### YOUR ASSIGNMENT
With pictures left out, set down every record word for word.

### SUPPLIED MATERIAL
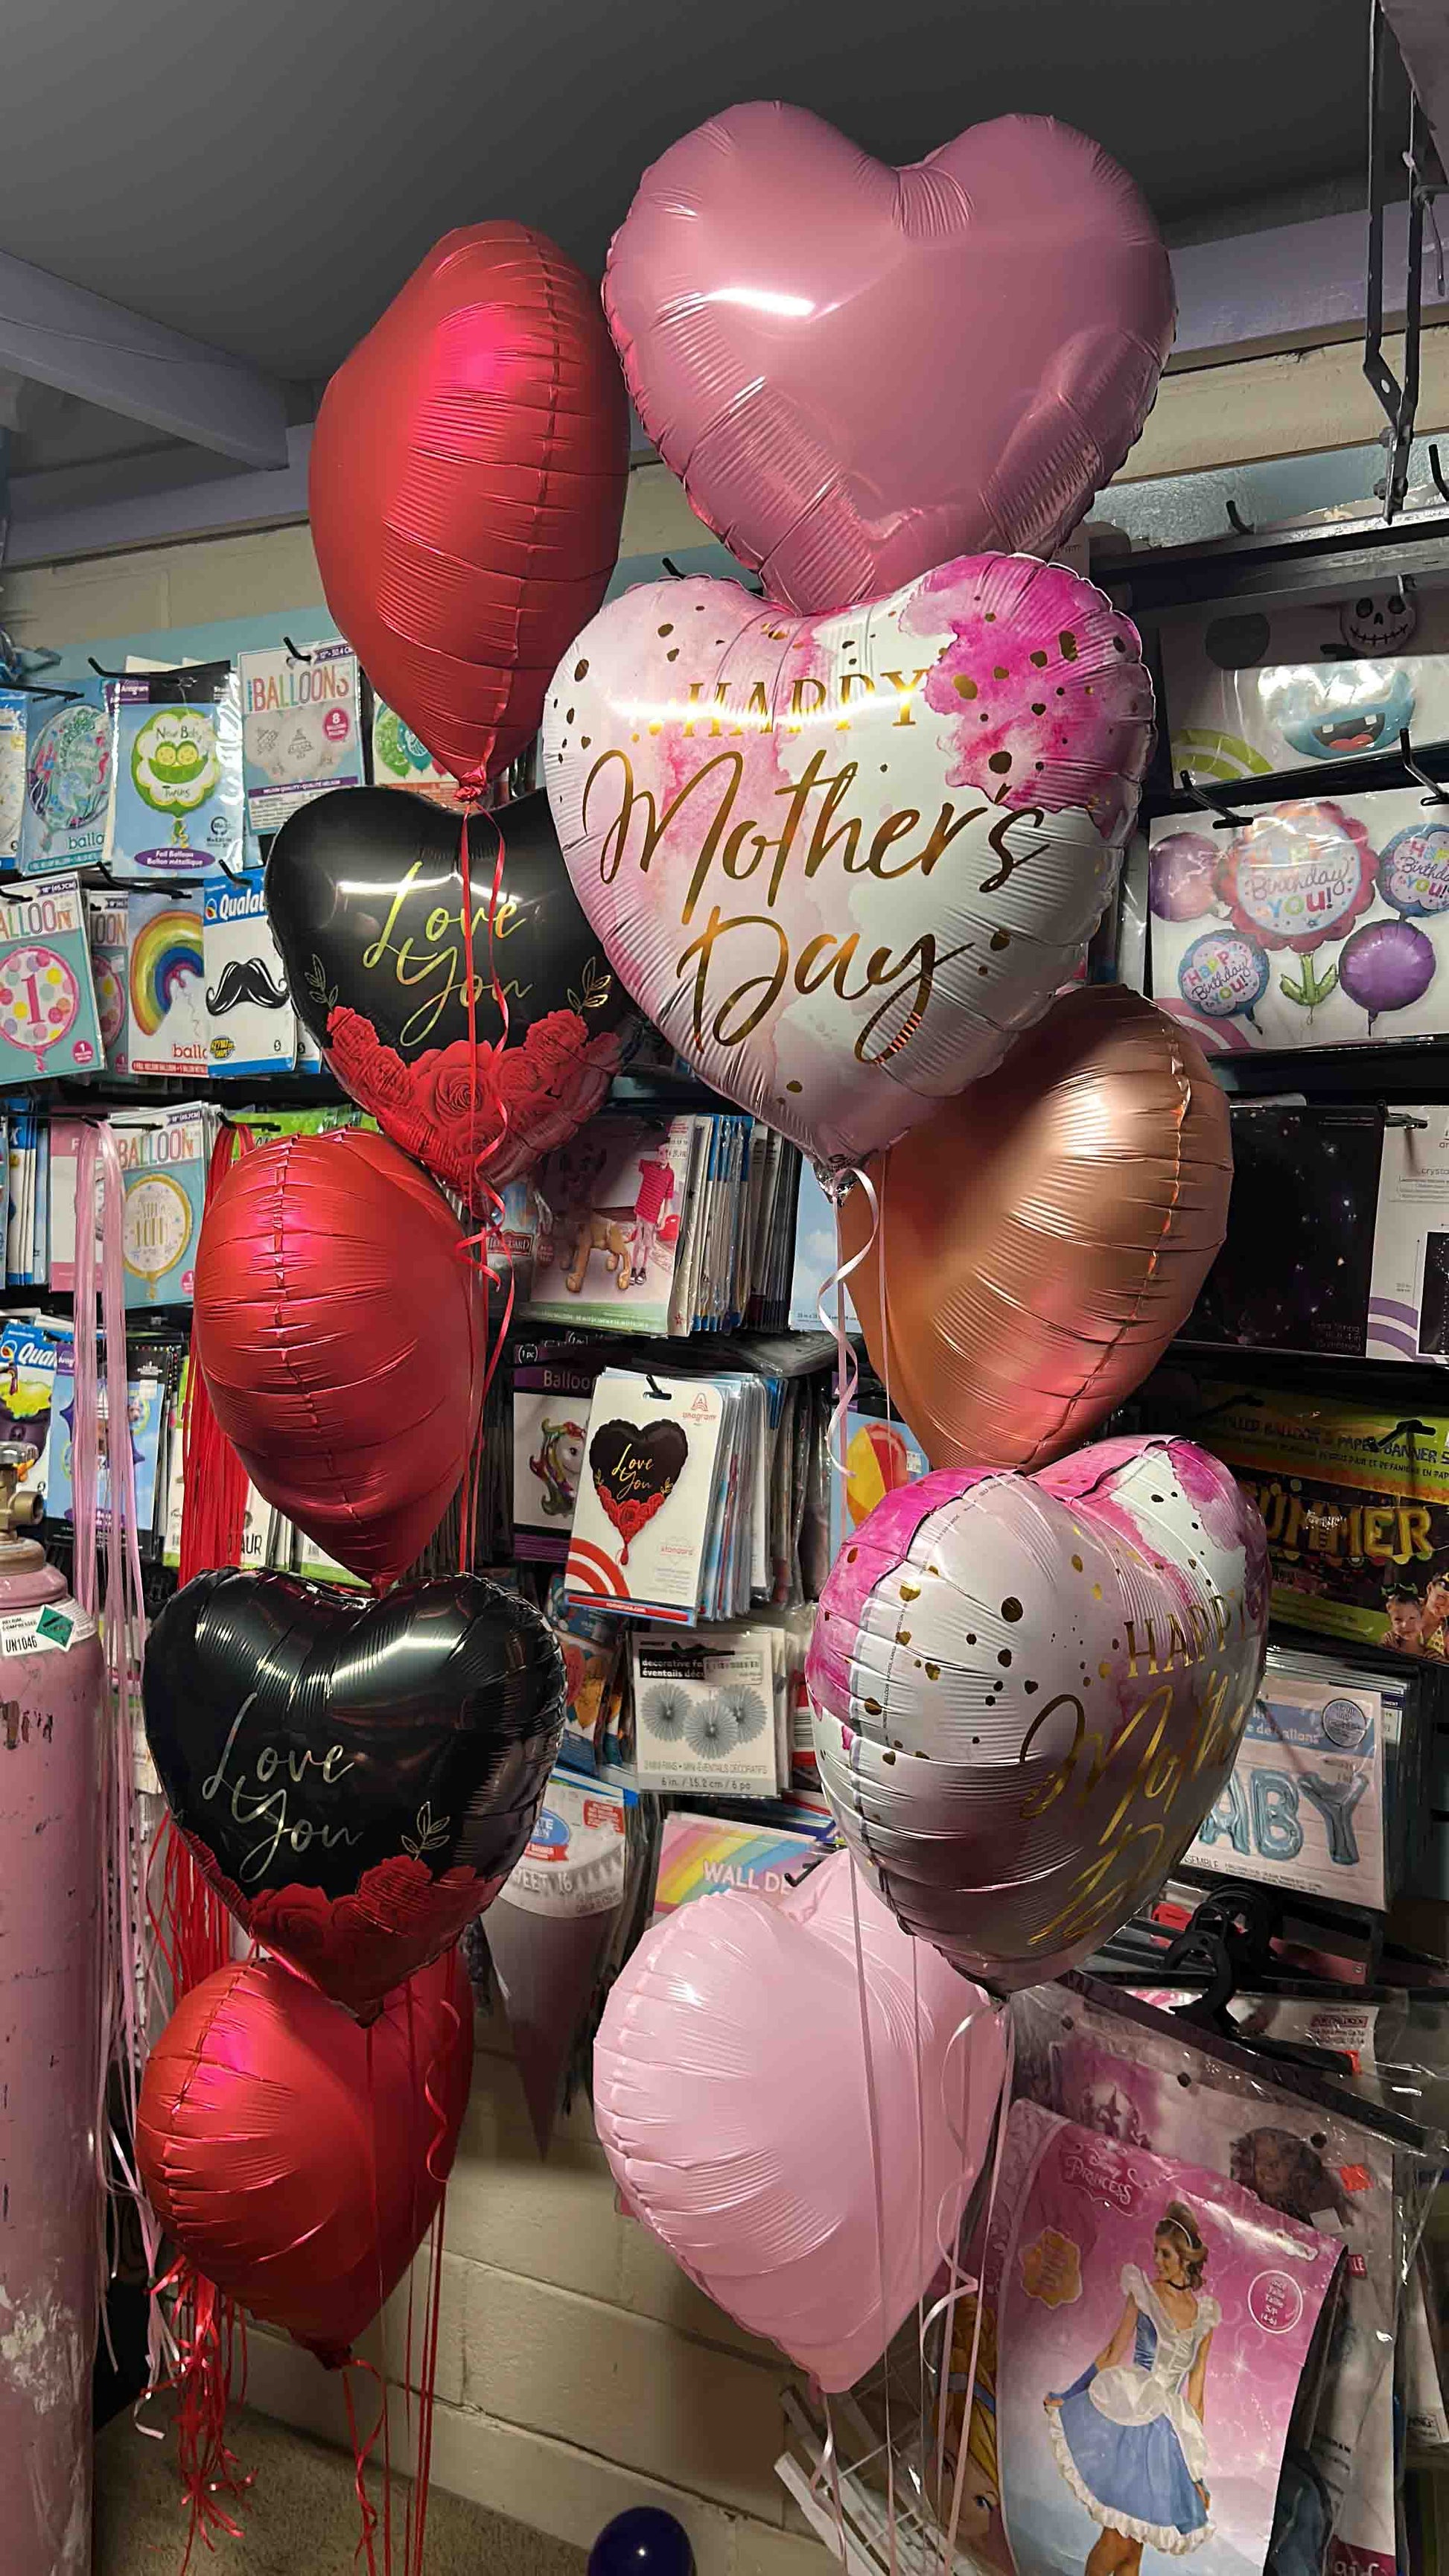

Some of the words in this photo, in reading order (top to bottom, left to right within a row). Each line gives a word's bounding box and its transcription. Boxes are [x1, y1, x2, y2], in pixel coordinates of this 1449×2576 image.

[332, 712, 340, 724] 8
[683, 669, 929, 739] HAPPY
[582, 750, 1051, 925] Mother's
[363, 861, 527, 969] Love
[21, 973, 46, 1025] 1
[395, 937, 533, 1047] You
[676, 906, 976, 1065] Day
[1191, 954, 1252, 1004] Birthday
[611, 1443, 655, 1475] Love
[1383, 1441, 1438, 1464] BANNER
[619, 1467, 652, 1500] You
[5, 1634, 38, 1654] UN1046
[642, 1658, 690, 1668] decorative
[643, 1668, 684, 1677] éventails
[202, 1692, 356, 1800] Love
[708, 1780, 724, 1788] cm
[230, 1775, 364, 1883] You
[702, 1858, 760, 1890] WALL
[1066, 2155, 1133, 2205] PRINCESS

### YOUR SOLUTION
Some of the words in this photo, in reading order (top to bottom, left to right within a row). Each line gives a word's bounding box and its transcription. Boxes are [x1, y1, x2, y2], in pixel coordinates of this 1449×2576 image.

[332, 712, 340, 724] 8
[683, 669, 929, 739] HAPPY
[582, 750, 1051, 925] Mother's
[363, 861, 527, 969] Love
[21, 973, 46, 1025] 1
[395, 937, 533, 1047] You
[676, 906, 976, 1065] Day
[1191, 954, 1252, 1004] Birthday
[611, 1443, 655, 1475] Love
[1383, 1441, 1438, 1464] BANNER
[619, 1467, 652, 1500] You
[5, 1634, 38, 1654] UN1046
[642, 1658, 690, 1668] decorative
[643, 1668, 684, 1677] éventails
[202, 1692, 356, 1800] Love
[708, 1780, 724, 1788] cm
[230, 1775, 364, 1883] You
[702, 1858, 760, 1890] WALL
[1066, 2155, 1133, 2205] PRINCESS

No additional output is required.